Nature through the Lens of the Human Ego
Because we view them through human ego and sentiment, animals, insects and other life forms live in our shadow—left to die or come to illumination. The title of a recent book, Hal Herzog’s “Some We Love, Some We Hate, Some We Eat,” precisely encapsulates the situation.
And when it comes to rabbits—even the Easter bunny—we humans are not of a single mind. Or heart. Or appetite.
We all have ego-invested pictures of ‘Nature,’” Layman added. Evolution teaches us that there is no “balance of nature.” There is no such “pre-set,” built-in design for survival. Life is a complex of symbiosis and striving.

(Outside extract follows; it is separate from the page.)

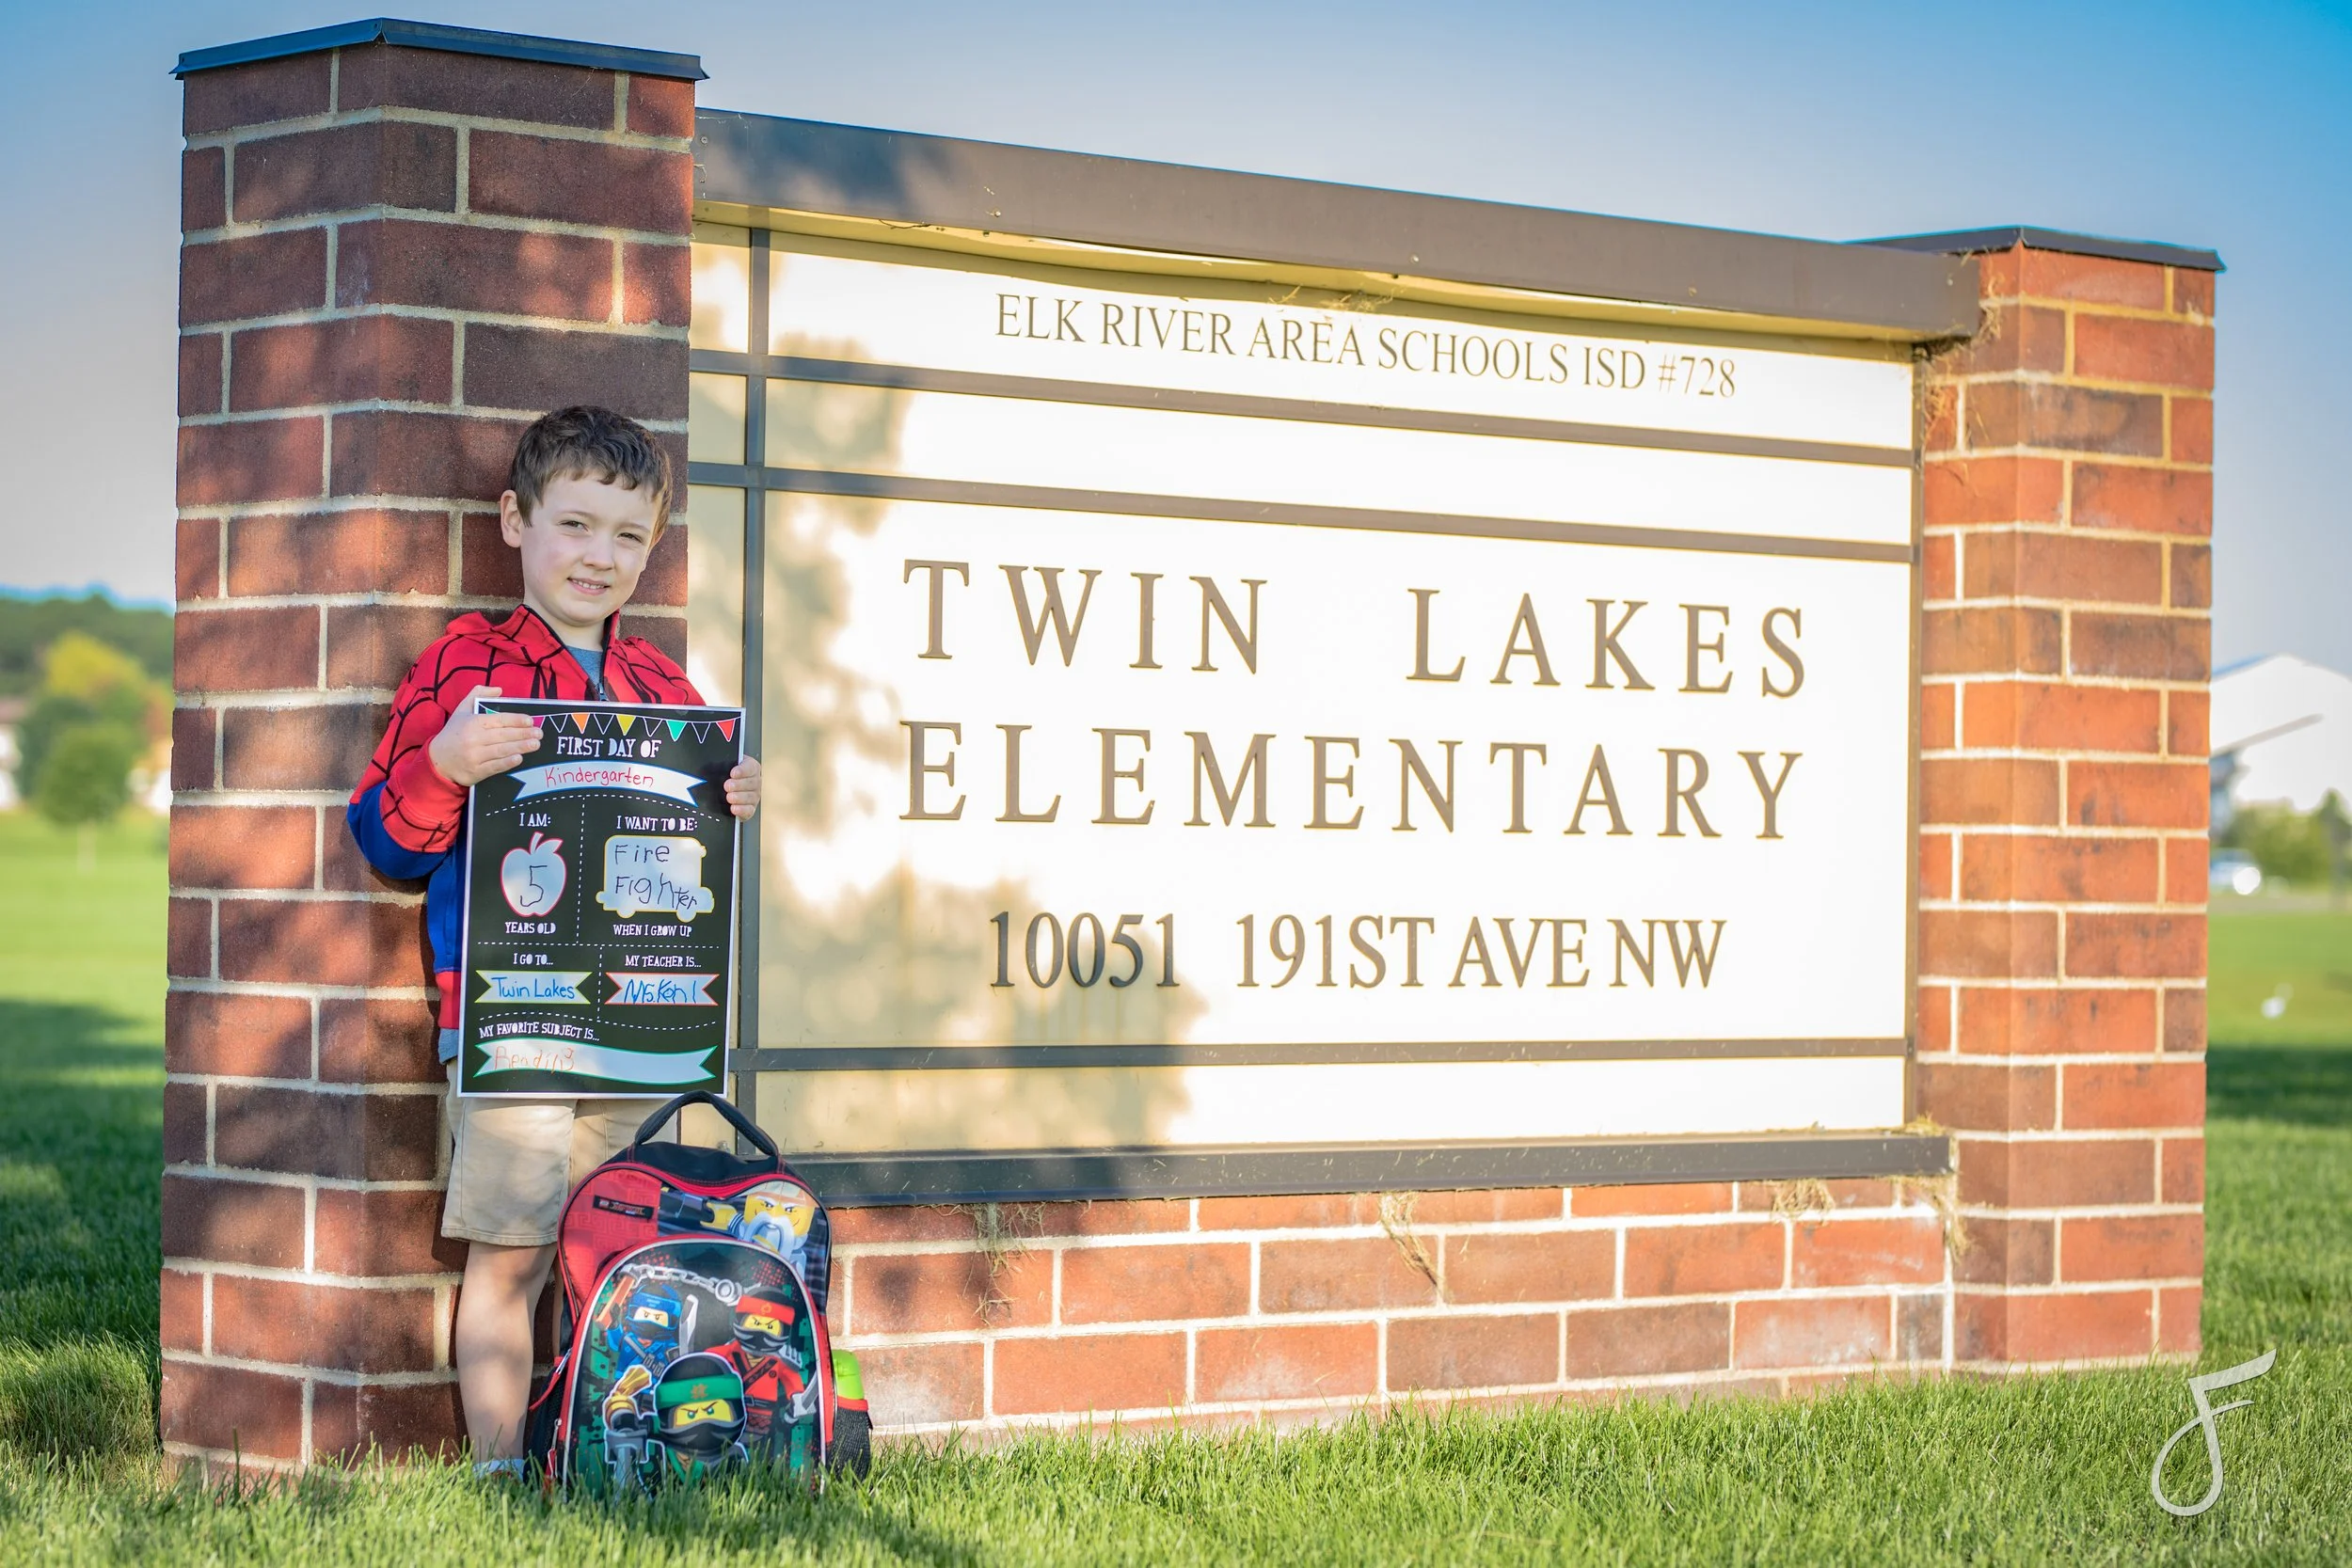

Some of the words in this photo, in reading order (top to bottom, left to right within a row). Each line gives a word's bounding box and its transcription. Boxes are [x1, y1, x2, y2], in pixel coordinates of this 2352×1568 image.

The pastoral image of nature is not, we now know, a true picture of our evolutionary world. Such a romantic view of “nature” is a photo still—an ego-informed cognitive bias, a picture affected by our economic position and how and where we work. As Darwin insisted, what appears “nature’s harmony” is always in flux—a complex of dynamics, like adaptation, variation, symbiosis and struggle—all dynamically interlaced.
Of Spirit and Ego
Earth’s evolution now moves, Layman repeated, through just such human, emotional niches as we experienced in discussing the Langley rabbits. These ego-logical niches present us with something of a new religio-spiritual challenge. Tracking our human attachments, learning how to navigate such dynamic intensities, becomes as significant—even spiritually so—as any other work on human conservation.
An academic theologian and philosopher by background, Sharon Betcher is now an independent scholar, writer and wannabe farmer living on south Whidbey. As a writer, she won the 2012 Short Story Smash and took first place in the memoir category of the Whidbey Island Writers Association’s 2012 contest. In March 2015, Betcher presented at the annual Women of Whidbey (WOW) Stories Conference.